Oats Poha
Oats Poha is a healthy and nutritious breakfast option for people who are trying to lose weight. This recipe replaces the traditional flattened rice with oats, which are a rich source of fiber and protein. Oats Poha is also gluten-free and suitable for people with gluten intolerance. This recipe does not contain peanuts, making it safe for people with peanut allergies. This dish is also low in oil, making it a heart-healthy option.
Nutrition Facts
Per serving
Energy
83 kcal
Protein
2 g
Carbs
12 g
Fat
3 g
Fiber
3 g
Ingredients
Mustard seeds
0.25 tsp (1.25g)
Turmeric powder
0.25 tsp (1.25g)
Chopped Onion
0.5 small cup (50g)
Lemon, juice
1 tbsp (15g)
Olive Oil
1 tsp (5g)
Steel Cut Oats
2 tbsp (30g)
Carrot
0.5 cup, grated (100g)
Green Peas
0.25 small cup (25g)
Chopped Green Chilli
2 tsp (4g)
Fresh Coriander Leaves (chopped)
1 tbsp (5g)
Instructions
Preparation
soak steel cut oats in water for at least 30 minutes.
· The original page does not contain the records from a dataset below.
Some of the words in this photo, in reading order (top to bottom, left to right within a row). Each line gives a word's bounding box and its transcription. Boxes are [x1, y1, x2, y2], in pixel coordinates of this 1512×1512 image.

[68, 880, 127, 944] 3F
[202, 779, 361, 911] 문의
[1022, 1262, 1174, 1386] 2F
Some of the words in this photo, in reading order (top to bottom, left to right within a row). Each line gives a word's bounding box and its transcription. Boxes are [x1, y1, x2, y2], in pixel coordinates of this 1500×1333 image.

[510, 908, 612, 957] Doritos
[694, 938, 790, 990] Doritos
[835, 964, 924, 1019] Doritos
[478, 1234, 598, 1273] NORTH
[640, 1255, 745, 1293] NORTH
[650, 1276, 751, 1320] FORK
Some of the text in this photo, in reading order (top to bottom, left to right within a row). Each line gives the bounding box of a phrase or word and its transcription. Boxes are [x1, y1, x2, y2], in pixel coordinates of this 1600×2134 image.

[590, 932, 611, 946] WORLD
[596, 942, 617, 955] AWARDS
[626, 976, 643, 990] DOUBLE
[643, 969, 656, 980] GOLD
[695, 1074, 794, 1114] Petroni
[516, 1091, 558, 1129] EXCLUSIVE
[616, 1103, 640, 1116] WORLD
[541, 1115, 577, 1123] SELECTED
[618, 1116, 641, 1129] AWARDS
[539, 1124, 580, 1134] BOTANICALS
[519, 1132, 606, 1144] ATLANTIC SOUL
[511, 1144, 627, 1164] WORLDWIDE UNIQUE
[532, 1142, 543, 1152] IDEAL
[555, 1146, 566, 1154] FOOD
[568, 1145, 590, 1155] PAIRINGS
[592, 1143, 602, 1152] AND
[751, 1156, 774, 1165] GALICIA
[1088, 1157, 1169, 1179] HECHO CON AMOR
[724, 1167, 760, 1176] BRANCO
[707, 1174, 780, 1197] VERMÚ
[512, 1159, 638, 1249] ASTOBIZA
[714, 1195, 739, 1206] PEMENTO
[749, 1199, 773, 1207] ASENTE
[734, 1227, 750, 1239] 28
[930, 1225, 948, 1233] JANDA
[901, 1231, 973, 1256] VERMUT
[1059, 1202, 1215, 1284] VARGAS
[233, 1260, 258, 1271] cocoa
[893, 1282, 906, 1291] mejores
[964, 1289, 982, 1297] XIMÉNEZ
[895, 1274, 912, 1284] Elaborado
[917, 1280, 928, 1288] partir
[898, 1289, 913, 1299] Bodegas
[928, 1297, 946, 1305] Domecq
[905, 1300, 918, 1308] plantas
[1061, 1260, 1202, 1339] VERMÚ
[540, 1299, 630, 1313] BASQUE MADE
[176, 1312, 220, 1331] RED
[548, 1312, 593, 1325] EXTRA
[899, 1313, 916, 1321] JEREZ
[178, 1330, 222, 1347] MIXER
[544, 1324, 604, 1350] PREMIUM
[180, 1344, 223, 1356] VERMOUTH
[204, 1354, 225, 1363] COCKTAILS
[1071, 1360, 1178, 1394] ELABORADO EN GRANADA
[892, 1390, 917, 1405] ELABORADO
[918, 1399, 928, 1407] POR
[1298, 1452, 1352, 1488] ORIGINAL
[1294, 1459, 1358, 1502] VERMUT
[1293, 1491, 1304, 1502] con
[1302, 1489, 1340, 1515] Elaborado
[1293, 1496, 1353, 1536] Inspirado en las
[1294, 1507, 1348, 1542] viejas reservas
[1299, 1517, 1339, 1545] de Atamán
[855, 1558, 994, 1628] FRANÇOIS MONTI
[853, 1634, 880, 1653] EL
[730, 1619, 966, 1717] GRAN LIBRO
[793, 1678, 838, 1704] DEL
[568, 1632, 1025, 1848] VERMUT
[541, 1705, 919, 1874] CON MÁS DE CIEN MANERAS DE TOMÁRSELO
In a pan, add a little water and cook the soaked steel-cut oats until they are tender (about 15-20 minutes).
Cooking Steps
In a large pan, heat oil over medium heat. Add mustard seeds and let them splutter.
Add chopped onions and green chili, sauté until onions are translucent.
Stir in the grated carrot and peas, and cook for another 2-3 minutes.
Add the cooked oats to the pan, sprinkle with turmeric and salt. Mix well and cook for another 2-3 minutes to let the flavors combine.
Turn off the heat, garnish with chopped coriander and a squeeze of lemon juice and serve hot.